馬渕:7月に米国の政策金利の上限が5.5%まで引き上げられました。最近の経済状況を踏まえて、今後も金利が上がるだろうと想定すると、株式よりも債権への投資の方が利回りがよくなると考えられます。なので投資家たちが資金を株から債券に移動して、株の価格が下がる。

このような大きな資金の動きを「資金シフト」といいます。投資の世界には資金シフトという概念があるということを理解すると、大きな流れがみえてくるんです。また、金利は為替にも影響しています。金利が上がると米ドルが人気になるので、必然的に円は売られて円安になります。

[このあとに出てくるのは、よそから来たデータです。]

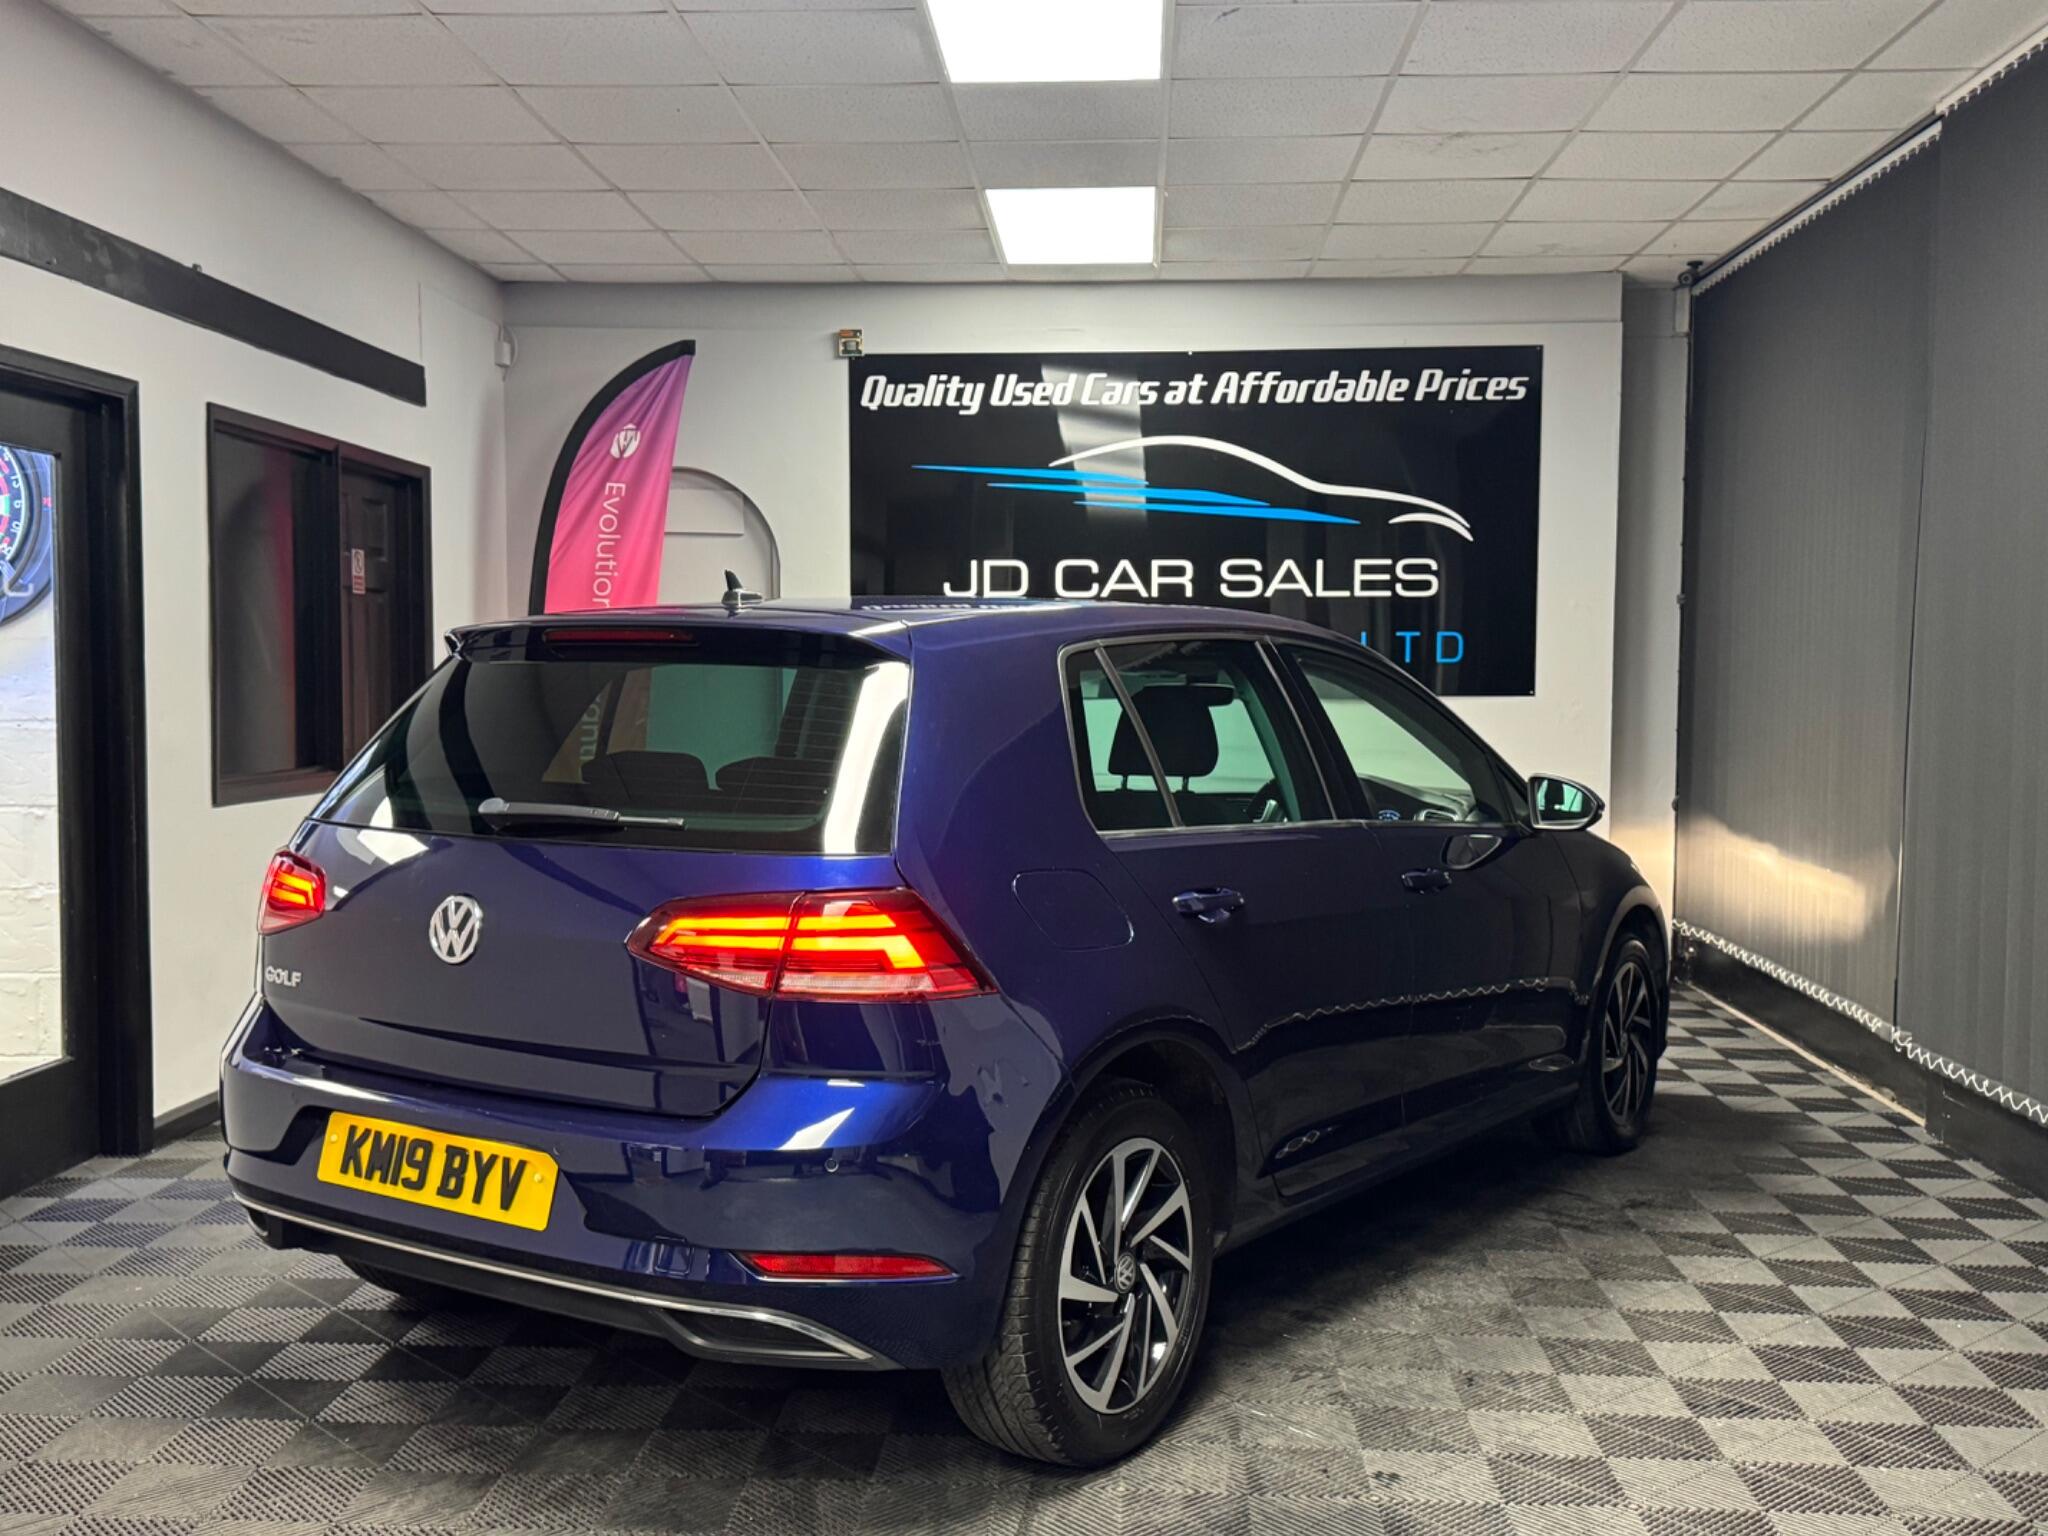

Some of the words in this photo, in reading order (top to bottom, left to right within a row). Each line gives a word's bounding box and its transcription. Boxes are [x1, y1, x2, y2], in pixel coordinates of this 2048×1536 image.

ただし、一連の値動きは実際にはさまざまな要因によって引き起こされています。この説明は非常に簡略化したものであるという点は覚えておいてくださいね。

いつ投資を始めるべきか?

——日経平均に着目することで、そこに影響を与える別の要素についても少しずつ理解していけるということがわかりました。では、次に「いつ投資を始めるべきなのか」という点について聞かせてください。最近では「インフレが加速して米国経済が崩壊する」というような話を聞くので、今始めるべきではないのではないか、とも感じます。

馬渕:今から始めたとしても、まったく問題ありません。過去何度も米国経済はクラッシュしてきましたが、S&P500は高値を更新し続けています。直近では、コロナショックの時に米国を始めとした世界中の株価が暴落しましたが、すぐに回復して今ではコロナ以前の最高値を更新しています。

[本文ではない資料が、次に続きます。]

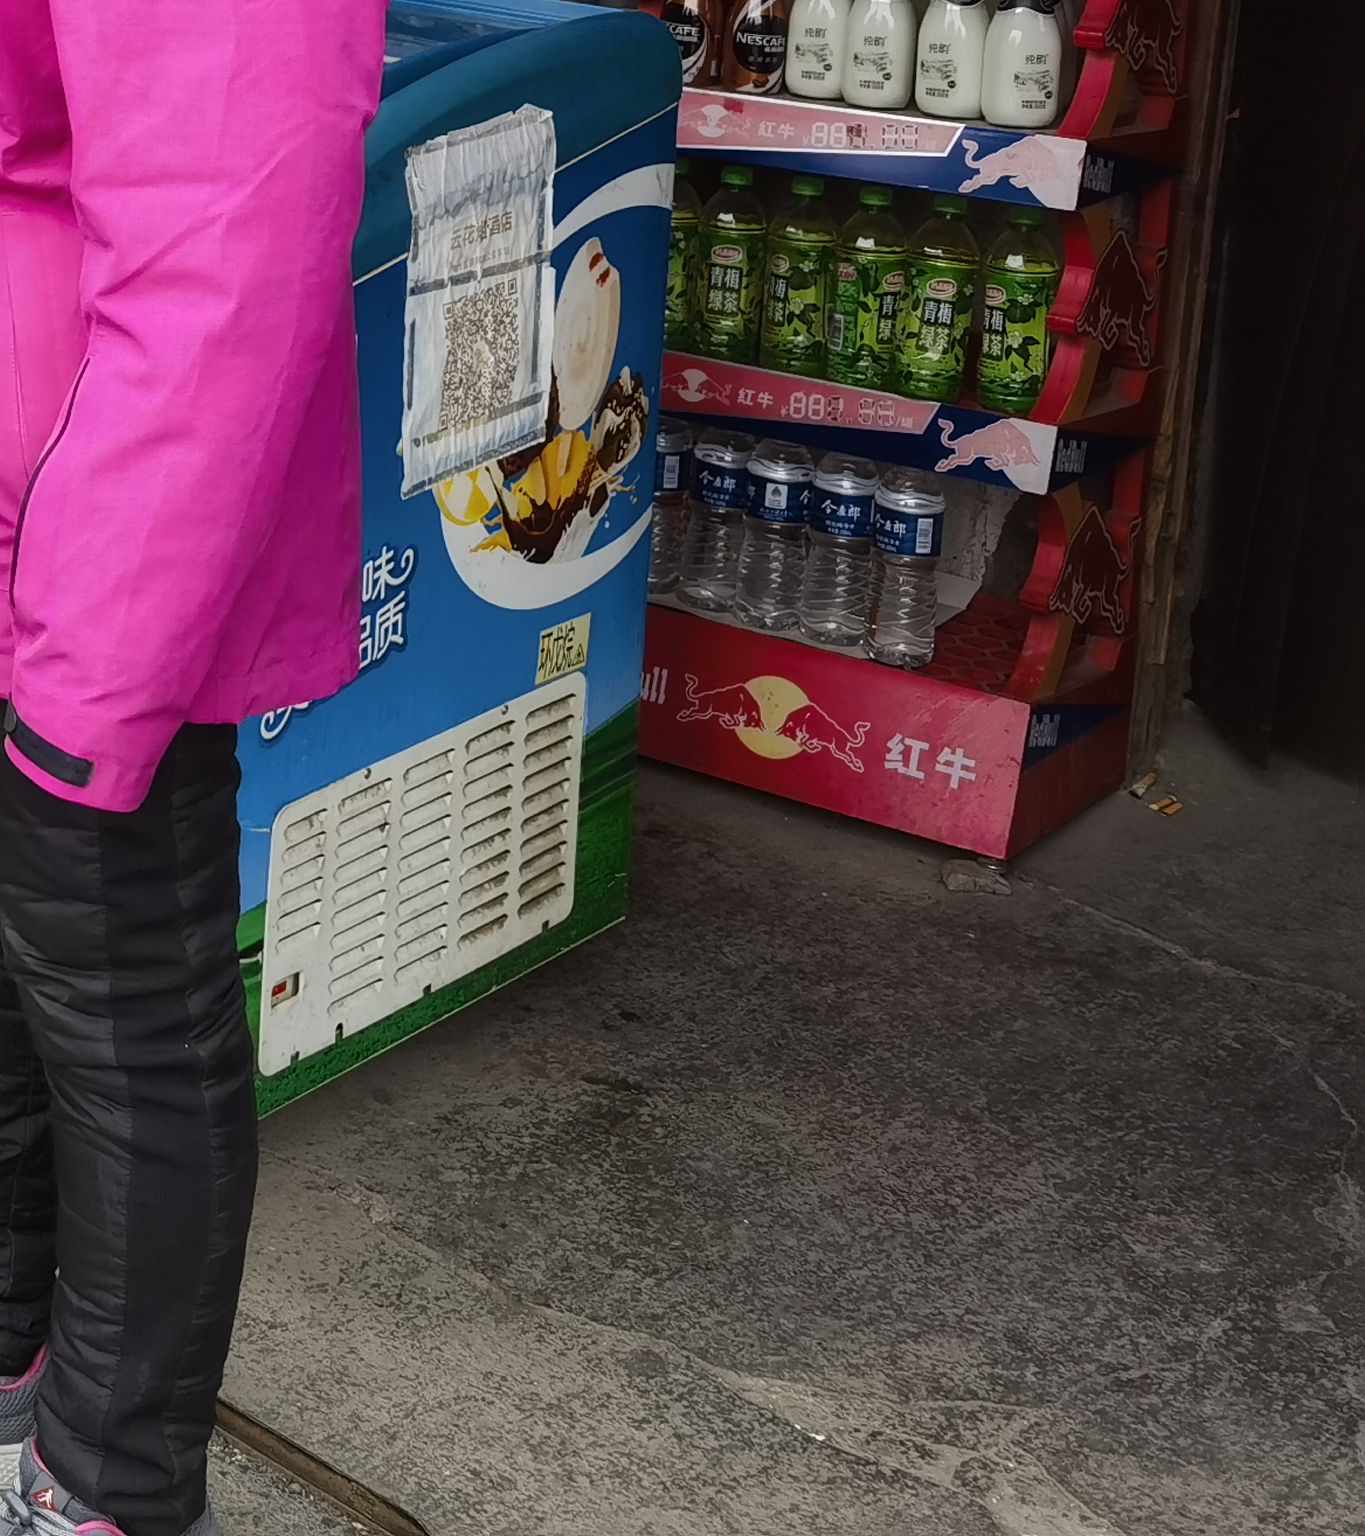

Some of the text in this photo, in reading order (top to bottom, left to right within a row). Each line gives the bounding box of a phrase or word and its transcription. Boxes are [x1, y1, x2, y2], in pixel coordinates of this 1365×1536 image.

インデックス投資は、いわば「世界全体の成長」に投資しているものなので、長期でコツコツと投資するというつもりなら、思い立ったその日に始めていいんです。ただし、企業への個別投資の場合は、成長している根拠やストーリーが崩れて赤字になったら、損切りを考えないといけません。

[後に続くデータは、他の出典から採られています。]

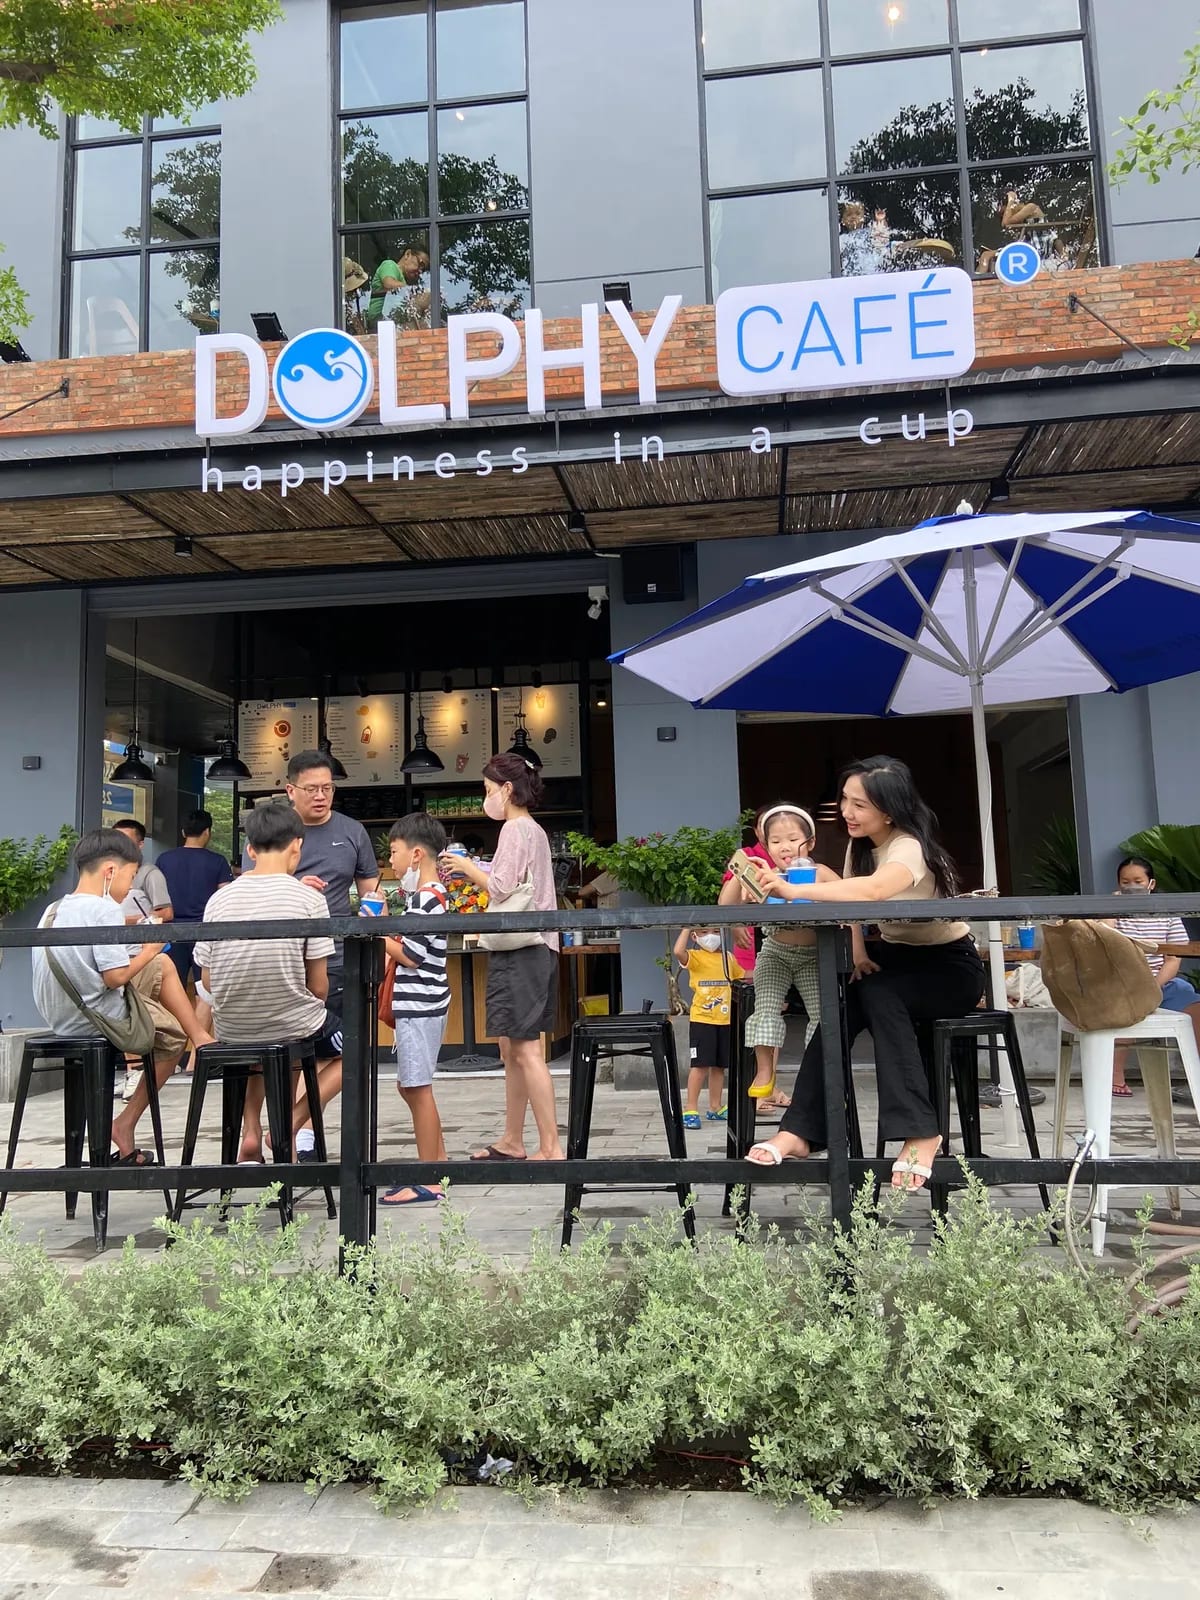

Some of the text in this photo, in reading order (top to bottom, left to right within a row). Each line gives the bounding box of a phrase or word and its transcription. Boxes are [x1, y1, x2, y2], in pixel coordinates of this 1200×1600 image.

[736, 273, 955, 374] CAFÉ
[201, 408, 975, 498] happiness in a cup

「損切り」が苦手だから、そんな自分に合う「損切りしないで済む投資手法」を身につけた。

——投資をしている人からは「損切りが苦手」という意見をよく聞きます。馬渕さんの「損切りの流儀」はありますか?

馬渕:実は、私は本当に損切りが苦手なんです。過去に2年半ほどプロのトレーダーとして働いていたことがあるのですが、損切りが下手で何度も痛い目にあっています。損切りができずに傷口を広げては、「なんであの時決断しなかったんだろう」と必要以上に自問自答を繰り返して苦しんだり(笑)。

——馬渕さんでもそんな頃があったんですね。

馬渕:そういう経験があるので、私は「損切りの回数をいかに減らすか」という思考で投資するようになっています。その結果、損切りをする必要が生じないであろうインデックス投資がメインになったんです。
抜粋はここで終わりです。